The data below is to be set down again exactly as written.

[Text-to-region grounding data]
◆ ◆ ◆ ◆
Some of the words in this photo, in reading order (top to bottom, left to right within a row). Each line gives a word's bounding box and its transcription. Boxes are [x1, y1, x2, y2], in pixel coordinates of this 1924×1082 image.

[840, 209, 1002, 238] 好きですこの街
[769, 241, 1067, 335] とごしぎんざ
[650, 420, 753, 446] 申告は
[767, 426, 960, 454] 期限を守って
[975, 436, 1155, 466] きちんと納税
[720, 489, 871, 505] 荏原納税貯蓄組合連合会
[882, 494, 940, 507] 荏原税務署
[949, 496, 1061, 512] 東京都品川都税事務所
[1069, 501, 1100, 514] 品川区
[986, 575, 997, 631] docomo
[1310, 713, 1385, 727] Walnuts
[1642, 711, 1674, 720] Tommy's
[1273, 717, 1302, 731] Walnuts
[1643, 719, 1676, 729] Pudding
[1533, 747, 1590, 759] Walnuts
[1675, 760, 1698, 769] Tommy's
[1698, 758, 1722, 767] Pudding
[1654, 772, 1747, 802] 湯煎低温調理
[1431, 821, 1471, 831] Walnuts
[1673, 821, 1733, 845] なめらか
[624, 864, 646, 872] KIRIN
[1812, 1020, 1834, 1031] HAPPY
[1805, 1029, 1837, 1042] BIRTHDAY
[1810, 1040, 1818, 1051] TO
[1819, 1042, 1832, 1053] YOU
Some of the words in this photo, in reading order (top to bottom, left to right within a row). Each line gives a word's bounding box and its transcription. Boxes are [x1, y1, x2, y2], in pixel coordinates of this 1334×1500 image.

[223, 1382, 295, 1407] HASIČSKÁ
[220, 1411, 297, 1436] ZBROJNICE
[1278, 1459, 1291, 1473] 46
◆ ◆ ◆ ◆
_Exercise response_.
Some of the words in this photo, in reading order (top to bottom, left to right within a row). Each line gives a word's bounding box and its transcription. Boxes are [x1, y1, x2, y2], in pixel coordinates of this 1924×1082 image.

[840, 209, 1002, 238] 好きですこの街
[769, 241, 1067, 335] とごしぎんざ
[650, 420, 753, 446] 申告は
[767, 426, 960, 454] 期限を守って
[975, 436, 1155, 466] きちんと納税
[720, 489, 871, 505] 荏原納税貯蓄組合連合会
[882, 494, 940, 507] 荏原税務署
[949, 496, 1061, 512] 東京都品川都税事務所
[1069, 501, 1100, 514] 品川区
[986, 575, 997, 631] docomo
[1310, 713, 1385, 727] Walnuts
[1642, 711, 1674, 720] Tommy's
[1273, 717, 1302, 731] Walnuts
[1643, 719, 1676, 729] Pudding
[1533, 747, 1590, 759] Walnuts
[1675, 760, 1698, 769] Tommy's
[1698, 758, 1722, 767] Pudding
[1654, 772, 1747, 802] 湯煎低温調理
[1431, 821, 1471, 831] Walnuts
[1673, 821, 1733, 845] なめらか
[624, 864, 646, 872] KIRIN
[1812, 1020, 1834, 1031] HAPPY
[1805, 1029, 1837, 1042] BIRTHDAY
[1810, 1040, 1818, 1051] TO
[1819, 1042, 1832, 1053] YOU
Some of the words in this photo, in reading order (top to bottom, left to right within a row). Each line gives a word's bounding box and its transcription. Boxes are [x1, y1, x2, y2], in pixel coordinates of this 1334×1500 image.

[223, 1382, 295, 1407] HASIČSKÁ
[220, 1411, 297, 1436] ZBROJNICE
[1278, 1459, 1291, 1473] 46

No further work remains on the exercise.